Has anybody used or uses novel software?
For example the StoryBlue or Snowflake Pro?

Just curious as to if it helps or anything.

-Eden


----------



## Like a Fox (Jun 9, 2010)

I've never heard of either (super helpful, I know), but I would say stuff like that won't hurt, but it certainly won't make the process easy. I don't think anything can do that.
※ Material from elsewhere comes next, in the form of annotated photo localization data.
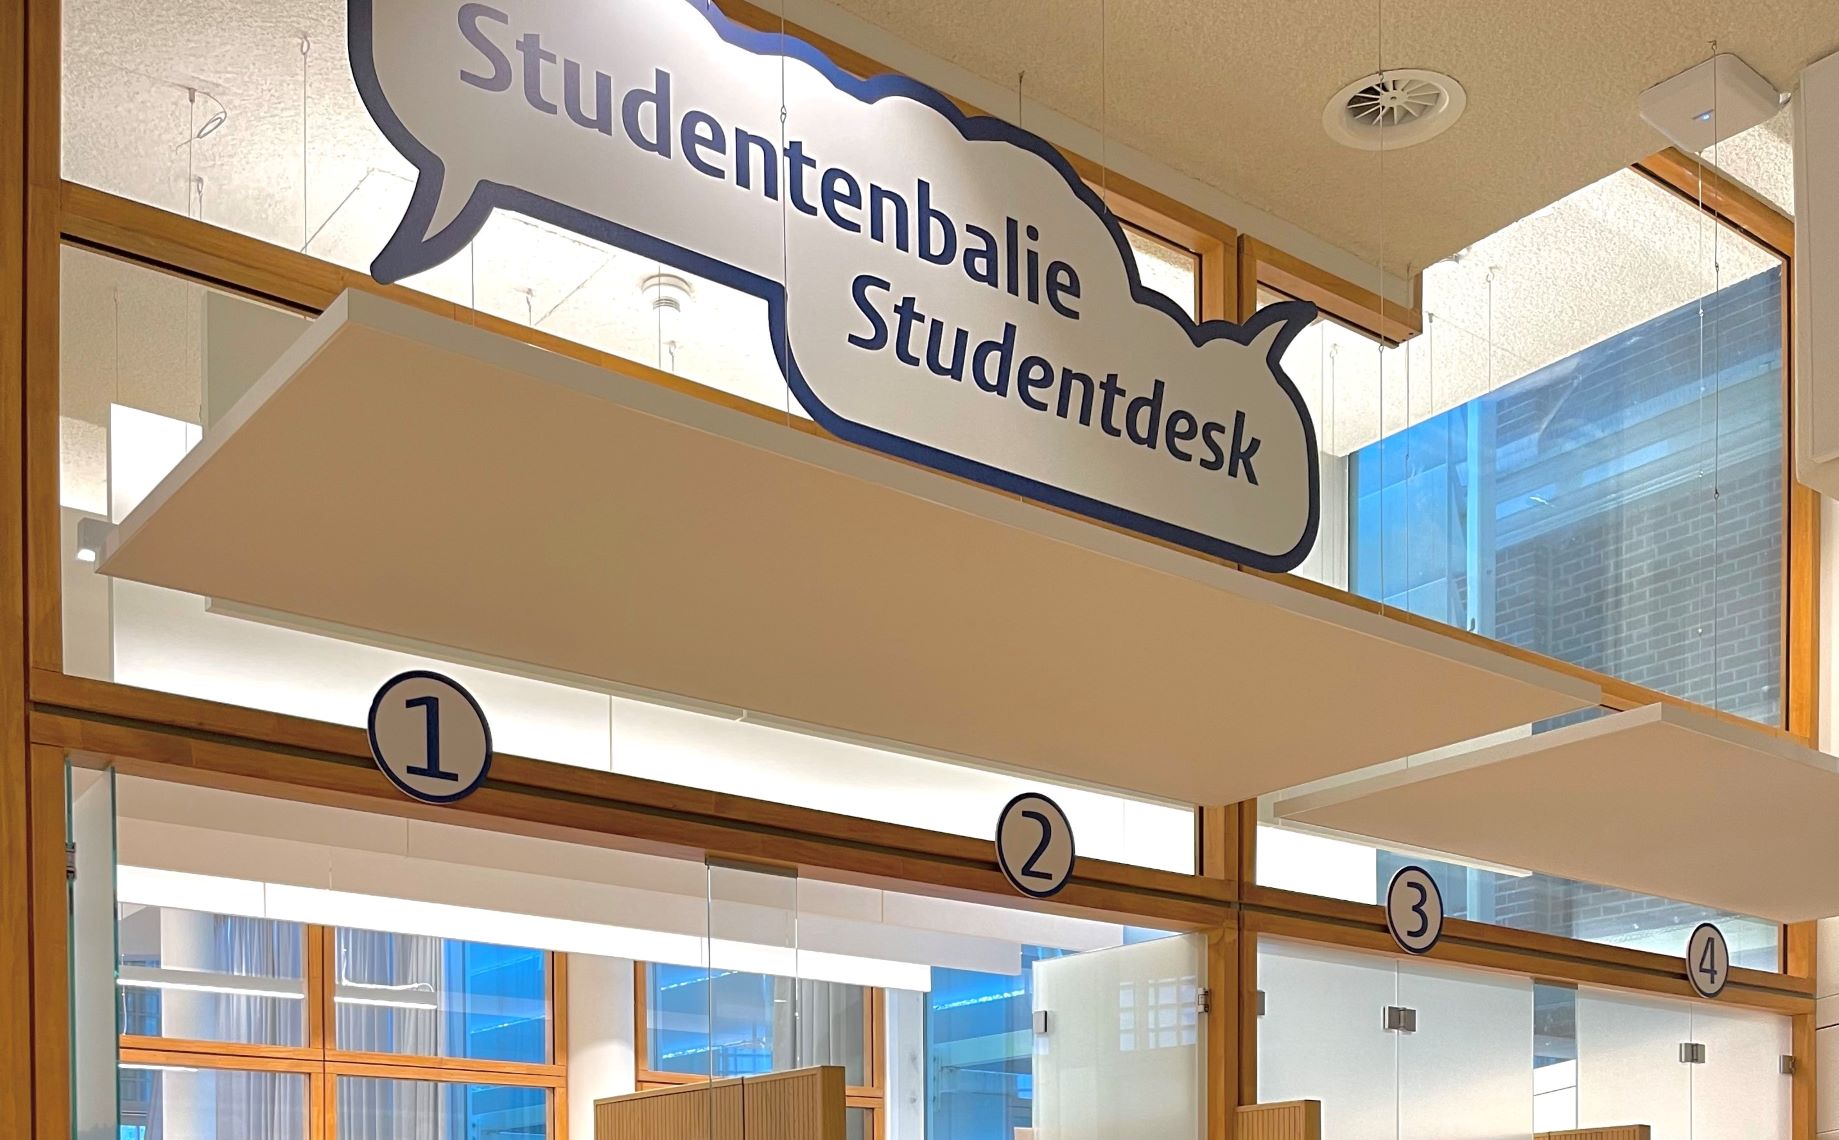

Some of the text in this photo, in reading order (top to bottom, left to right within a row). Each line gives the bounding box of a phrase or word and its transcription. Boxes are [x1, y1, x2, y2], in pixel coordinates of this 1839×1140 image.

[458, 2, 1082, 321] Studentenbalie
[847, 273, 1262, 486] Studentdesk
[405, 695, 459, 783] 1
[1020, 809, 1054, 881] 2
[1405, 880, 1429, 939] 3
[1698, 936, 1719, 985] 4
When they invent a program that takes a scene in my head and puts it on paper perfectly, then I'll be onto it. Haha


----------



## Eden.Kaye (Jun 9, 2010)

yea i am just trying to figure out if it is worth it.


----------



## Like a Fox (Jun 9, 2010)

Oh, if you have to pay for it definitely not. There's nothing a program can give you that a simple old Word doco can't. The quality of the novel is up to you.


----------



## JosephB (Jun 9, 2010)

I visited the the StoryBlue site. There's a free trial, so if it interests you, download it and try it. I just might, for the heck of it. I think it's only 27.00, so if you find it useful, then maybe that's not such a big investment. I wouldn't dismiss it out of hand, without looking into it.
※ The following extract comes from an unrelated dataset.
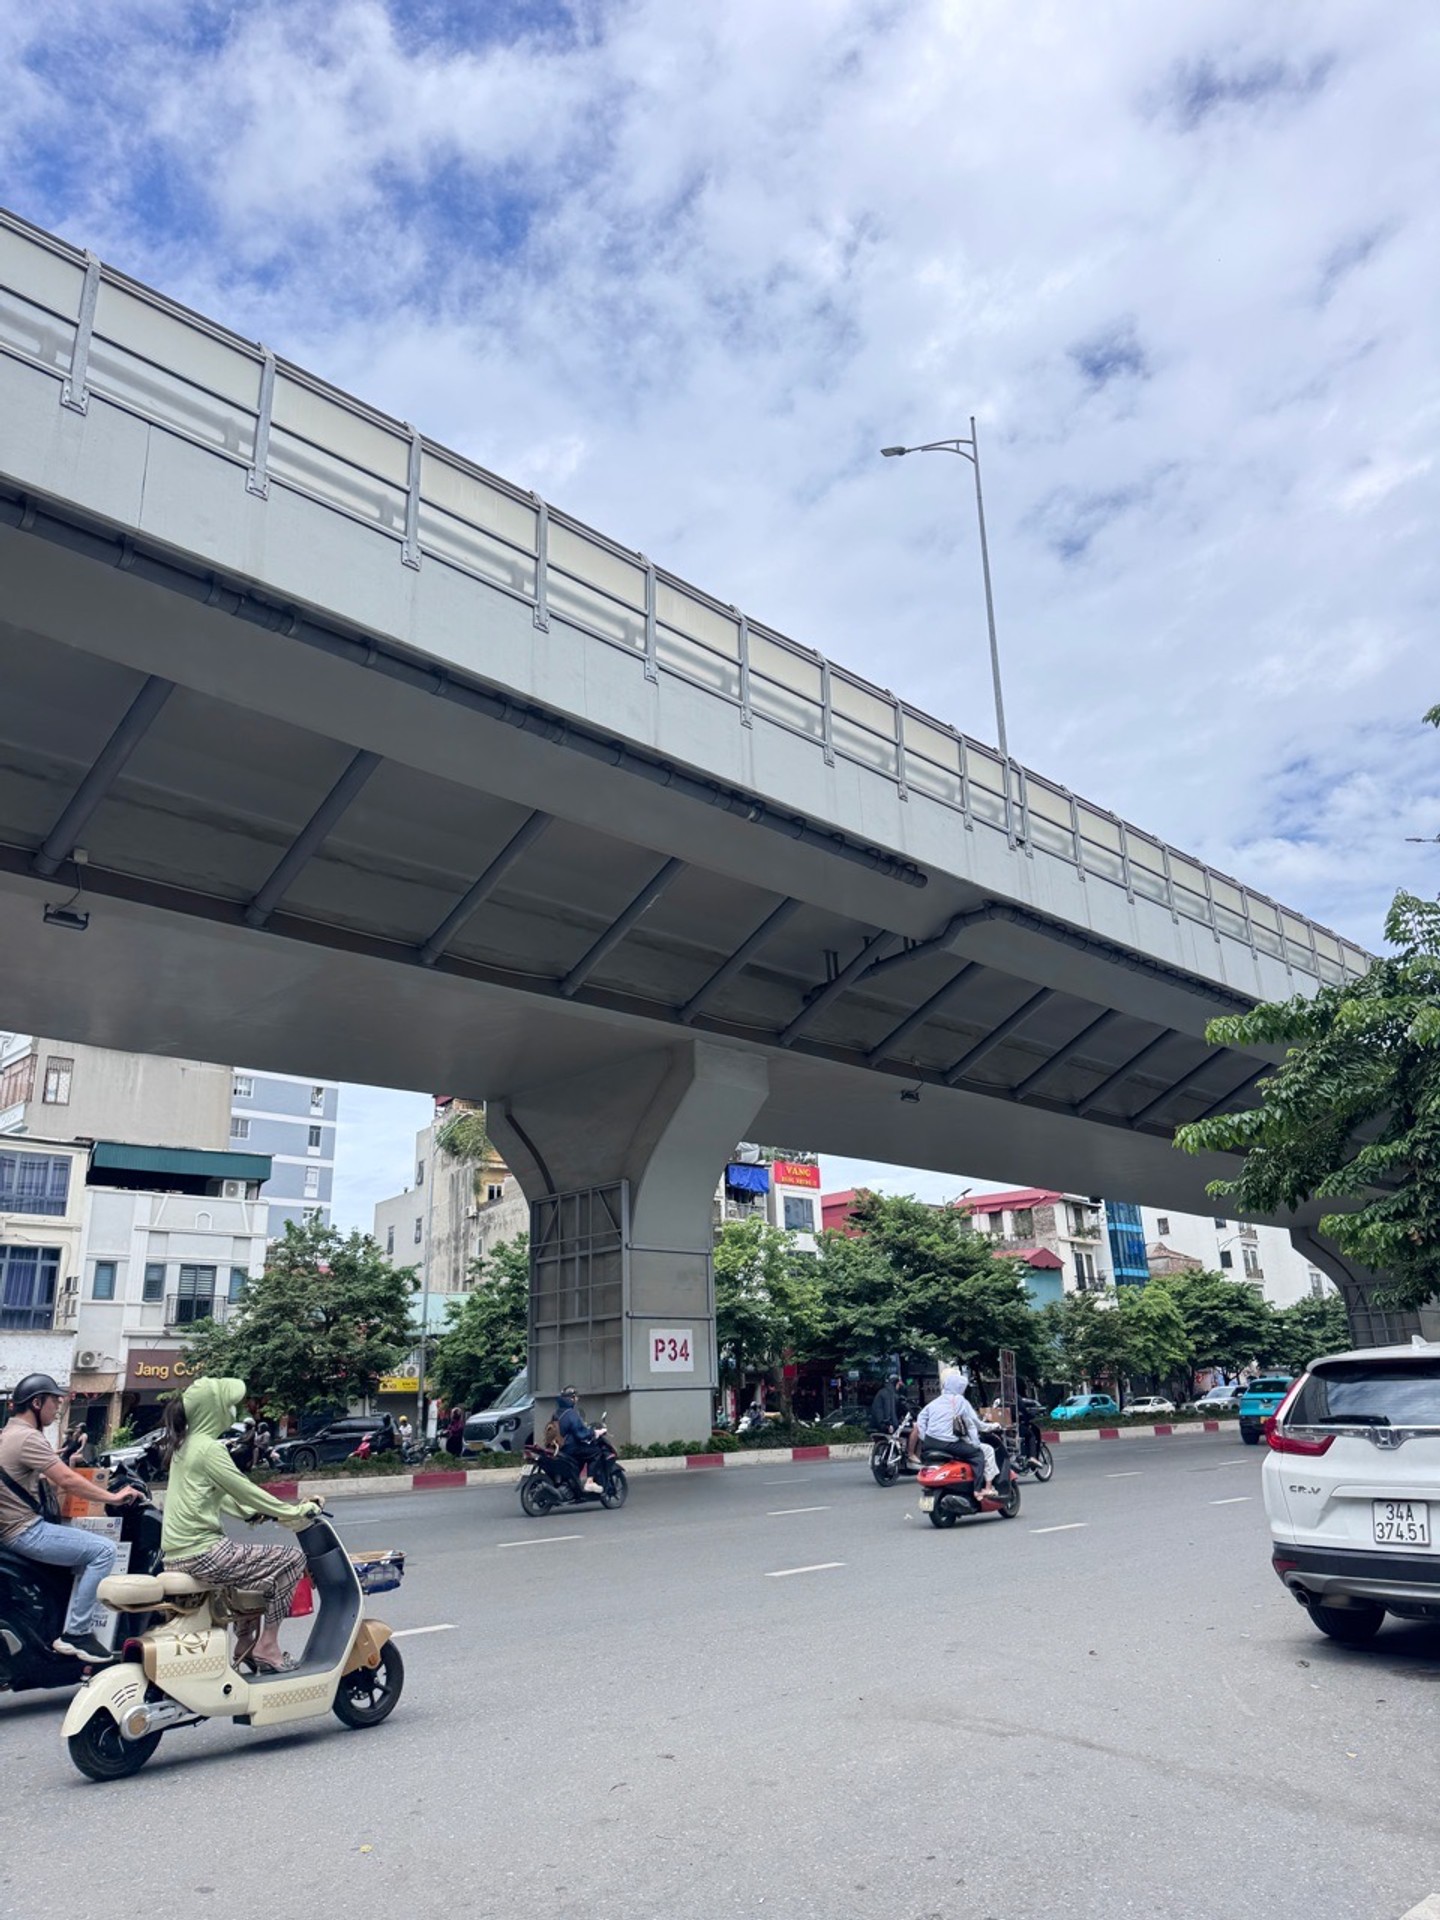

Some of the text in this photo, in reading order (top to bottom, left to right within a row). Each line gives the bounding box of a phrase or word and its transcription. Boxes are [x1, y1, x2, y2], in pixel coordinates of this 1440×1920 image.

 Fox, a good tool just makes things easier and faster. So who knows? I'm sure you could bang out a novel on typewriter if you had to.


----------



## Julianne (Jun 9, 2010)

I've tried yWriter which is free. I generally like it except for a couple of things: I don't like the way it formats the output file, and it doesn't allow the files to be password protected. Other than that, it's not a bad program.


----------



## Baron (Jun 9, 2010)

These programs are particularly useful for organising and planning.  They allow a system for character profiles and various other notes which can be quite helpful.


----------



## moderan (Jun 9, 2010)

I've used a free program called Quickplot on and off for many years. It's been discontinued, but is available here. Nothing else seems as targeted or flexible. I tried yWriter, and it's decent but not as much for me.


----------



## Like a Fox (Jun 9, 2010)

JosephB said:


> Fox, a good tool just makes things easier and faster. So who knows? I'm sure you could bang out a novel on typewriter if you had to.


Good point. Mine was an ill-informed reply based on the fact that I'd never (till now) heard any writers I know mention using such programs. Apparently I don't know everything? Shock. Haha.


----------



## JosephB (Jun 9, 2010)

Heh. Well, that is pretty shocking. I need to go have a good lie-down now just to get over it.


----------



## Linton Robinson (Jun 9, 2010)

I've never run into anything like that I consider helpful.    But whatever works, is the idea.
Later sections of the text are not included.